Quando você não se importou o quanto eu precisava ouvir a sua voz, era você me libertando. Quando você não quis me ouvir, era você me libertando. Quando você não me ligou para perguntar como eu me sentiria sobre levá-la na festa, era você me libertando. Quando você nem me apresentou a ela, era você me libertando. Quando você fingiu que não me viu, era você me libertando. Todas as vezes que você pensou em me mandar uma mensagem e não mandou, era você me libertando. Quando você não me falou tchau, era você me libertando. Quando você apertou meu braço disfarçadamente porque não tinha coragem de simplesmente balançar a cabeça e reconhecer minha existência, era você me libertando. Quando você me usou como desculpa para se afastar das pessoas que se importam com você, era você me libertando.

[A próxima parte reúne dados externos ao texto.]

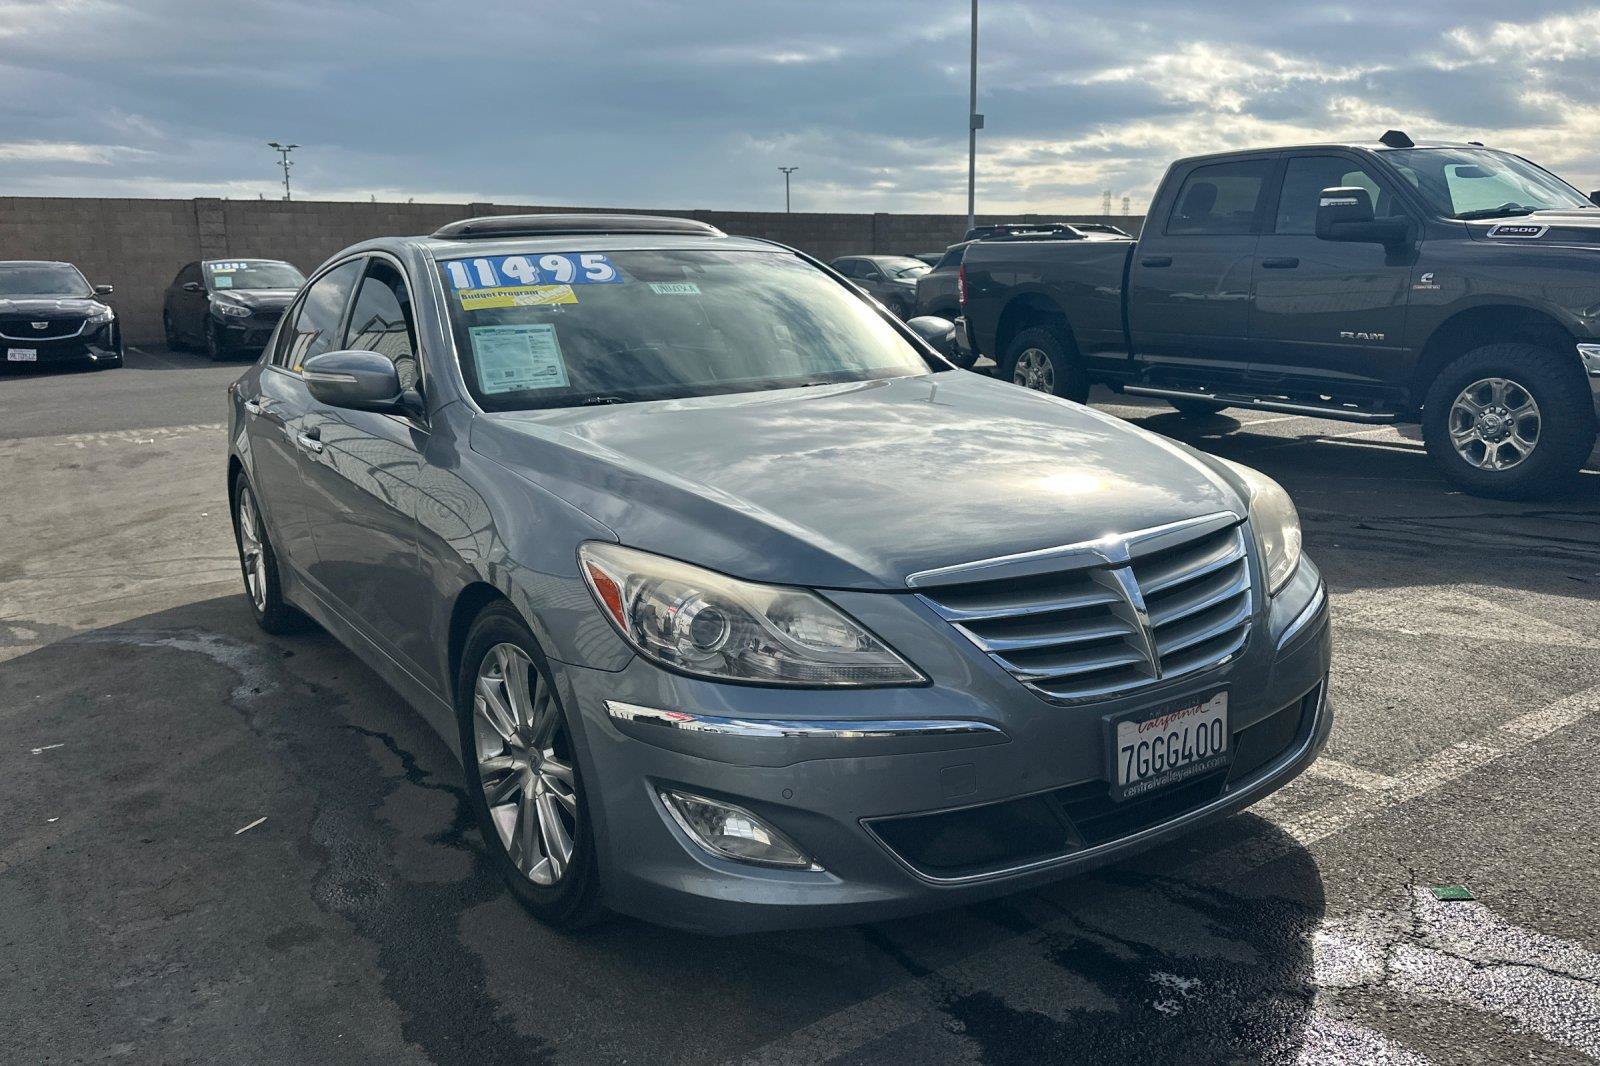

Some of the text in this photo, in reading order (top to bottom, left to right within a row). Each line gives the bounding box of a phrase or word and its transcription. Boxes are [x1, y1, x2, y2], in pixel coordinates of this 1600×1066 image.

[447, 254, 618, 289] 11495
[461, 289, 539, 300] Budget Program
[1340, 331, 1385, 341] RAM
[1138, 703, 1211, 734] California
[1121, 717, 1223, 784] 7GGG400
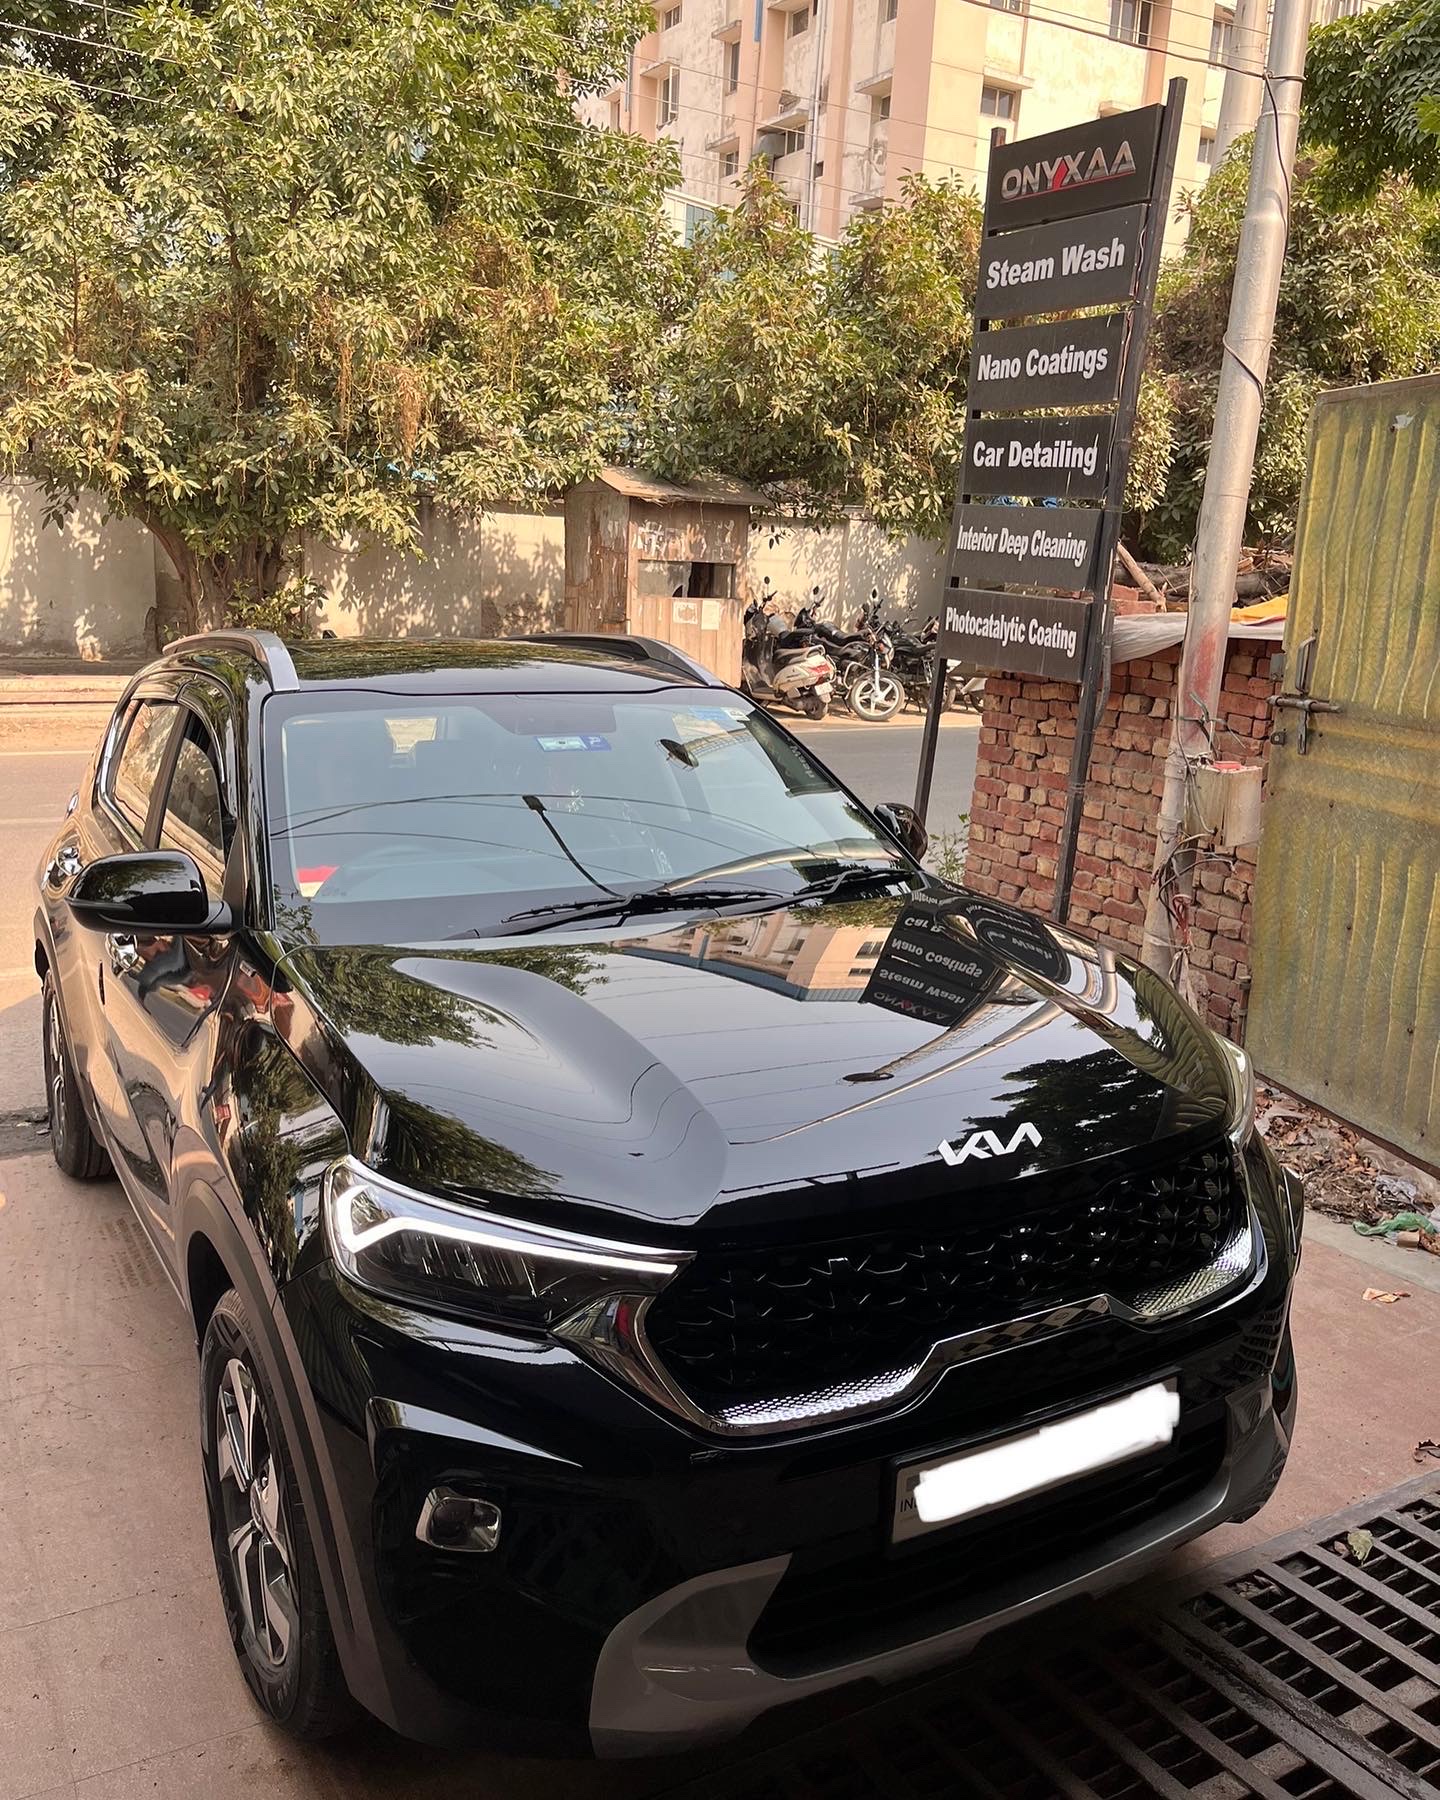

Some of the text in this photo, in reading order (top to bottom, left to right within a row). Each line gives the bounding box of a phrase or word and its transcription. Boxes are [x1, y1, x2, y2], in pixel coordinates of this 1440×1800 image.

Eu não preciso mais de você para ser feliz, porque você libertou. Quando eu era a única pessoa para quem você queria contar sobre sua faculdade e você não me ligou, era você me libertando. Quando você deu seu casaco pra ela e eu fiquei com frio, era você me libertando. Quando eu passei tão mal que vomitei por um dia inteiro e meu corpo ficou dolorido como quem foi atropelado por um caminhão e eu não pude te ligar porque eu não faço ideia de quem você é, era você me libertando.

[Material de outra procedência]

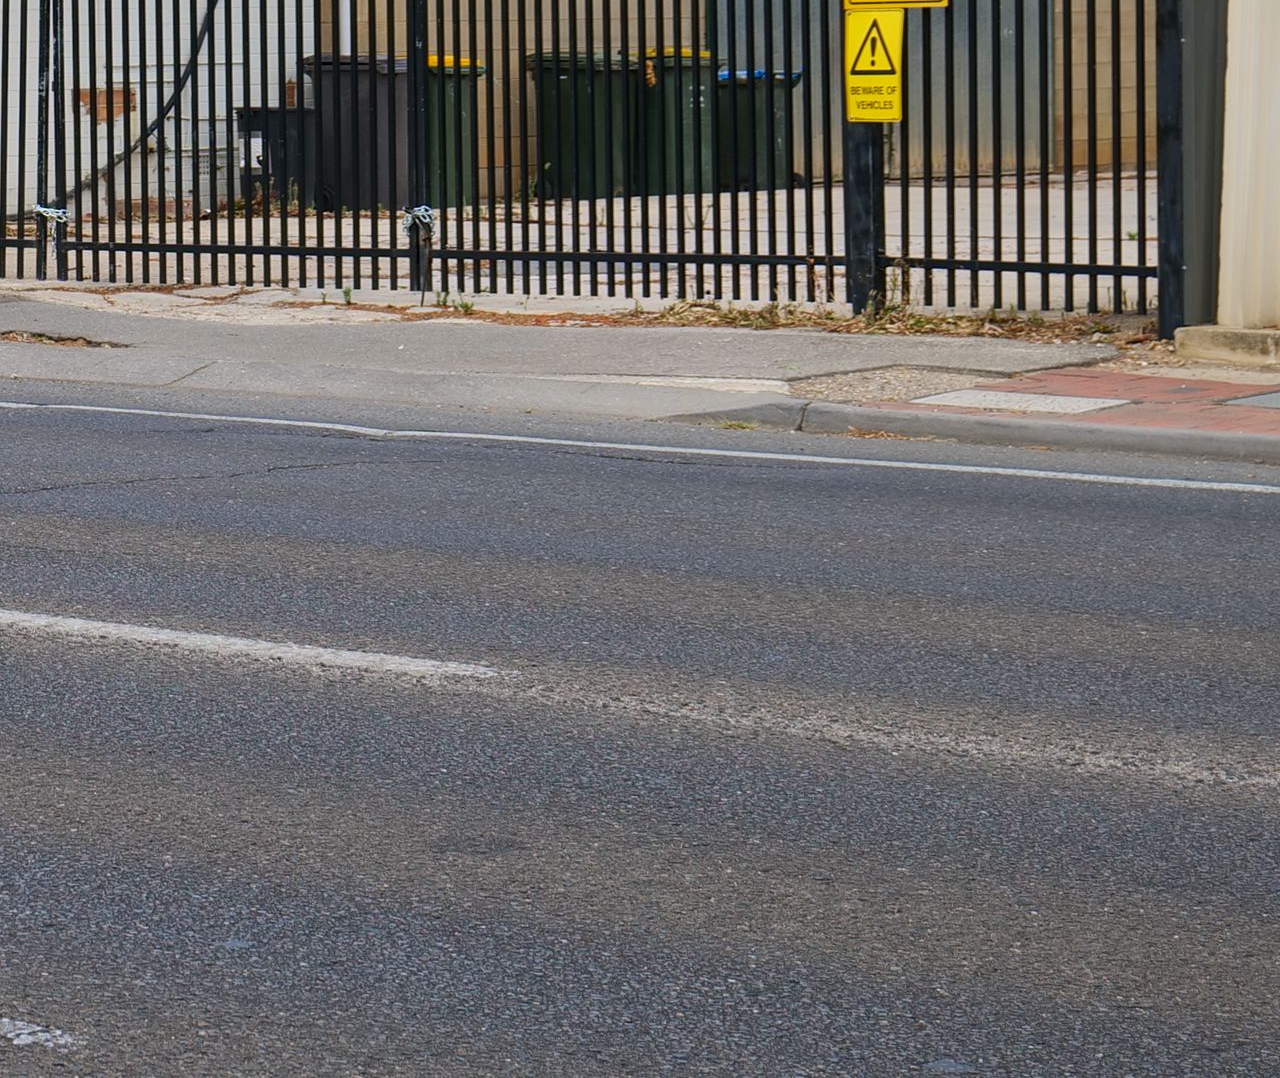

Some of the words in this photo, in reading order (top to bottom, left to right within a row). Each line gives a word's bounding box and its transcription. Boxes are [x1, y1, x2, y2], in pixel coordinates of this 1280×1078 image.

[851, 86, 884, 96] BEWARE
[886, 85, 897, 95] OF
[856, 100, 894, 110] VEHICLES

As pessoas tem o costume de procurar um novo amor para superar um antigo. Acham que uma presença diferente vai curar a ausência deixada por quem se foi, que uma amor diferente vai preencher com sorrisos, cozinha cheirando pão fresco. As pessoas acham que um amor diferente vai cuidar da ferida aberta que pulsa e sangra como se tivessem jogado sal sobre ela. Acho engraçado quando meus amigos terminam um relacionamento e logo depois de um mês já estão namorando outras pessoas. É fácil apagar as fotos do instagram e começar tudo de novo, deletando uma história de amor para começar uma nova. Mas não é bem assim que funciona.

É, mas não dessa forma.

Quando pegamos nosso coração, essa parte do corpo que mantém todo o resto vivo, e entregamos nas mãos de uma pessoa que não está conseguindo cuidar de seu próprio órgão, que não está conseguindo segurar em suas mãos o próprio coração, nós estamos criando um assassino. Não podemos criar um assassino, as pessoas merecem viver. Para entregar nosso coração nas mãos de alguém é necessário, em primeiro lugar, que ele esteja conosco, e você me libertou. Você me entregou meu coração de volta, ensanguentado, quase sem pulsar, remendado, cortado, ferido e divido em três, você estava me libertando.

A culpa foi minha, de ter transformado você em um assassino de corações. Ninguém devia ter tanta responsabilidade em mãos. Eu devia ter segurado meu próprio coração e cuidado dele eu mesma, mas o entreguei a você, que por um longo tempo não soube o que fazer com ele. Mas você me libertou. Eu não sinto mais dor, eu não sangro mais, e sinto esse coração pulsar tão forte e costurado como nunca esteve, sadio e liberto eu não posso evitar de te agradecer. Antes eu via flores em você, mas essa liberdade cardíaca me deu uma nova perspectiva das coisas, e eu vejo flores dentro. De mim.

Precisamos parar de entregar nossas coisas mais frágeis e preciosas àqueles que não sabem, e não querem aprender, como cuidar delas. É verdade o que dizem, realmente é necessário um novo amor para curar um coração assassinado. É o amor próprio, e ele liberta muito mais que qualquer outra coisa.